Puerto Vallarta
Mexico
January 2nd, 1957.
Dear Dr. Lederberg
If you agree with me on the value (?) of the MS I sent to you I think that the next thing, for me, to do is to look into the fact that lambda HFT (from the 112 Gal- transduced cell) does not multiply in a GaI- cell.  I would like to prove that lambda HFT multiples in a Gal+ cell and does not multiply as HFT in Gal- cell, not picking[?] the Gal- marker of the host cell (I have prelimaniry [sic] experiments with a bad Gal- of Bollman[?] that seems to show that) or picking it and becoming a new HFT.
For these experiments I would need then your Gal1- and Gal2- strains sensition[?] to lambda (I think the other nutritional markers dont [sic] matter unless you tell me why) and just in case Gal1- and Gal2-.  If I need to make them lysogenic  I would prefer to have markers (+++) (according to Dale Rainer[?]) on the prophages.
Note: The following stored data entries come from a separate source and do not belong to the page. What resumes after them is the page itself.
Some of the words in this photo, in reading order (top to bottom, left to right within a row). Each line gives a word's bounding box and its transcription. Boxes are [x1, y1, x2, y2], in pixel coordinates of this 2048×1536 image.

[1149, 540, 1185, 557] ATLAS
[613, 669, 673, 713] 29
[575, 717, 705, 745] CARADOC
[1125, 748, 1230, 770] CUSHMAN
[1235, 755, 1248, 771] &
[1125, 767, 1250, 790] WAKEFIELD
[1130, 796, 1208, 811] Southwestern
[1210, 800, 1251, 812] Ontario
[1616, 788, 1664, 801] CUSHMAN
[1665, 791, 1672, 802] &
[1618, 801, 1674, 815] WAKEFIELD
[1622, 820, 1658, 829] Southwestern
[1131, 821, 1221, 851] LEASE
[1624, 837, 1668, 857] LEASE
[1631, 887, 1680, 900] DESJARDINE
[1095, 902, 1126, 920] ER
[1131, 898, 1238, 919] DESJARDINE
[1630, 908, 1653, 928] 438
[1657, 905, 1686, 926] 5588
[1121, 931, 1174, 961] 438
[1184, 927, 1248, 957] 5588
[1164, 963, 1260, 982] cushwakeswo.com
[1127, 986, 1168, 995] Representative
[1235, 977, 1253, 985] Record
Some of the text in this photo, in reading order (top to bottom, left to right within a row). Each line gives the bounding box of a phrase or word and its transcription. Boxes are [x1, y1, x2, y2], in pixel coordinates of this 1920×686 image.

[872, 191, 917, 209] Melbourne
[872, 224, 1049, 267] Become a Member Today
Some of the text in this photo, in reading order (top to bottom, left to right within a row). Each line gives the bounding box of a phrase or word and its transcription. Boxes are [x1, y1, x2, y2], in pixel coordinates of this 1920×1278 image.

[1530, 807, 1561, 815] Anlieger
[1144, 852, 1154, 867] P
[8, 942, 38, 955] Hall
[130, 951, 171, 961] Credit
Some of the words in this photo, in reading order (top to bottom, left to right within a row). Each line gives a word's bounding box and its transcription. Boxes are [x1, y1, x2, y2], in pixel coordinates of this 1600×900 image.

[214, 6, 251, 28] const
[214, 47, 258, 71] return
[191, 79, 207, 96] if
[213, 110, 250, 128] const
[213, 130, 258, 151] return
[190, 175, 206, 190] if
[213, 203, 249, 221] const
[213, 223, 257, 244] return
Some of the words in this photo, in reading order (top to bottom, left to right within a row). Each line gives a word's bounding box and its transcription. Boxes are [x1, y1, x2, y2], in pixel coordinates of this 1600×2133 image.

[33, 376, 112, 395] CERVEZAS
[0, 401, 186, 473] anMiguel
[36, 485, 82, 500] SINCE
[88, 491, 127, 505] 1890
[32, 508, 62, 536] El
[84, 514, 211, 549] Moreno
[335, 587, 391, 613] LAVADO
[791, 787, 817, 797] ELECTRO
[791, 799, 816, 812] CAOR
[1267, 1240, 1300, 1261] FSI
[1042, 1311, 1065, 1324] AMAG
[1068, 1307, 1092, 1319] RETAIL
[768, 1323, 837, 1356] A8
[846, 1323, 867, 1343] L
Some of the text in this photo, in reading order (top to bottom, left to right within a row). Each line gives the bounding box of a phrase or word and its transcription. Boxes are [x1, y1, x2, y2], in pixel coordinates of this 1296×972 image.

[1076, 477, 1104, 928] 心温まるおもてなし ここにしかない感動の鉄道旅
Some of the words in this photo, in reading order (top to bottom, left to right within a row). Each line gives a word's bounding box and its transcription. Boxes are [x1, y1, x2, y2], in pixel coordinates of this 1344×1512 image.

So I would be very grateful to you if you could send me these three strains in Pasadena where I expect to be back in a week or so.
Thanks in advance
Yours Weigli
P.S. Arbor tells me that after transduction with lambda HFT inactivated by UV most (if not all) of the transduced cells are stable Gal+ (and thus not heterogenates).  Did Morse find the same thing?